Influence of wall slip in dilute suspensions

Navier's (1823) slip condition, where the tangential velocity is proportional to the shear stress, may apply at micro-scales for a viscous liquid on walls with modified surfaces, e.g. hydrophobic ones in water. Experiments by Lumma et al (2003) show the difficulties involved in measuring such a slip. At small scales, particle-wall hydrodynamic interactions are important. They are modeled here for a dilute suspension of spherical solid particles near a slip wall. Consider a translating and rotating sphere (on which the no-slip condition applies) in an ambient parabolic flow.
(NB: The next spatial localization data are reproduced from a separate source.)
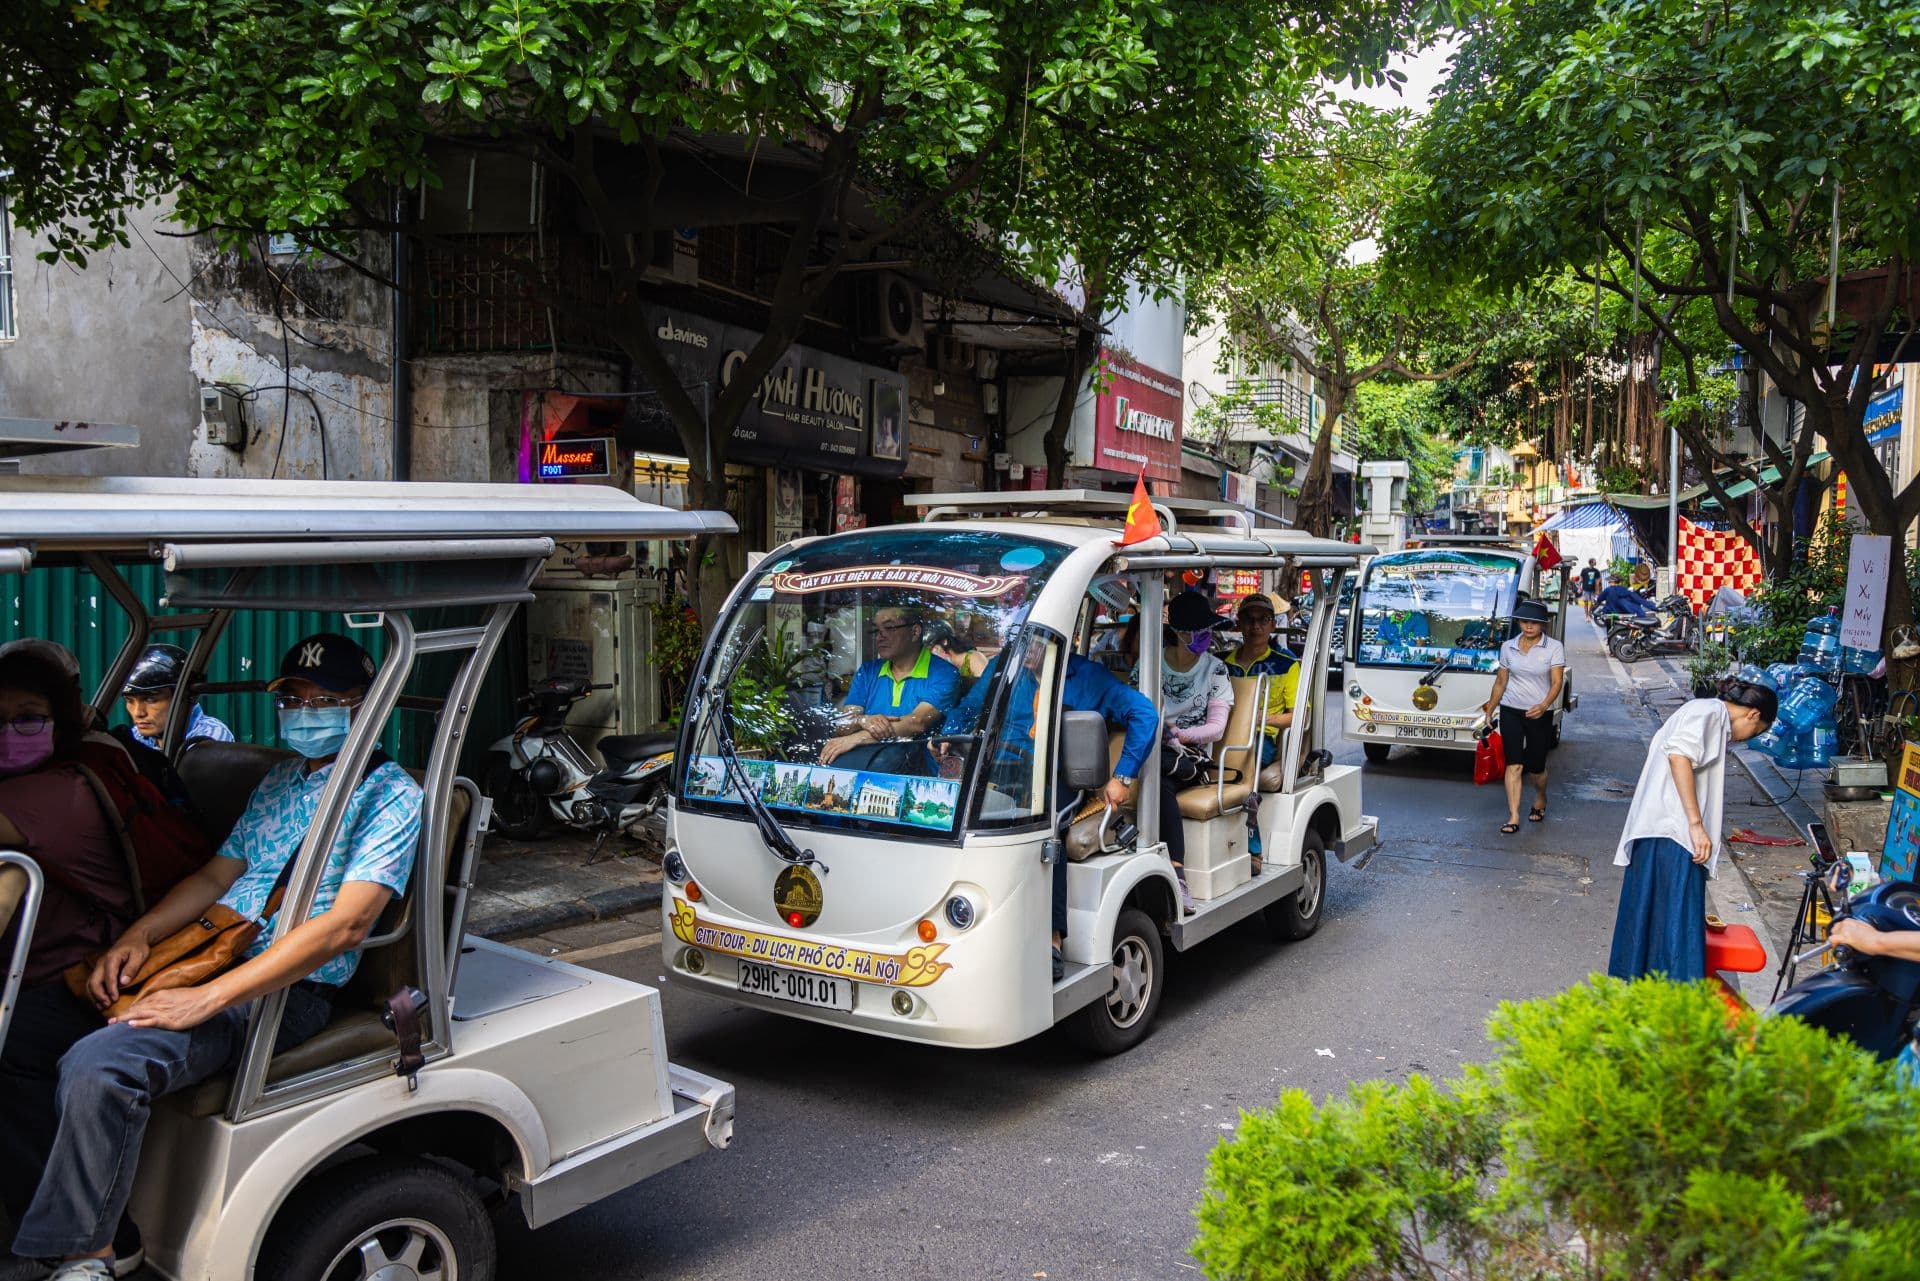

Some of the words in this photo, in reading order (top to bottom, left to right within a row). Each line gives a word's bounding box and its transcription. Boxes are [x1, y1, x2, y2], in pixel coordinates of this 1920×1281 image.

[658, 316, 708, 348] davines
[785, 410, 800, 423] HAIR
[801, 414, 825, 427] BEAUTY
[826, 418, 845, 431] SALON
[543, 465, 562, 475] FOOT
[833, 573, 847, 583] XE
[298, 642, 325, 667] NY
[1398, 726, 1449, 739] 29HC-001.03
[695, 927, 717, 943] CITY
[718, 930, 745, 949] TOUR
[753, 939, 768, 955] DU
[770, 941, 795, 961] LỊCH
[797, 943, 826, 965] PHỐ
[826, 948, 848, 970] CỔ
[854, 957, 873, 976] HÀ
[875, 962, 900, 984] NỘI
[742, 963, 837, 1005] 29HC-001.01
Analytical solutions of Stokes equations for the various elementary flow fields were obtained (Feuillebois et al 2009, 2011) as series in bispherical coordinates. The coefficients in the series are solutions of an infinite linear system, which is solved by an extension of Thomas' algorithm, allowing to calculate a large number of terms. Accurate results are available for the force, torque and stresslet on a sphere, velocity of a freely moving sphere and diffusion tensor. The Aris-Taylor dispersion of Brownian particles in a shear flow near a slip wall gives a large bias in the measurement of slip (Vinogradova et al, 2009). It is calculated here from the advection-diffusion equation, using the expressions for the particle velocity and diffusion tensor near a slip wall.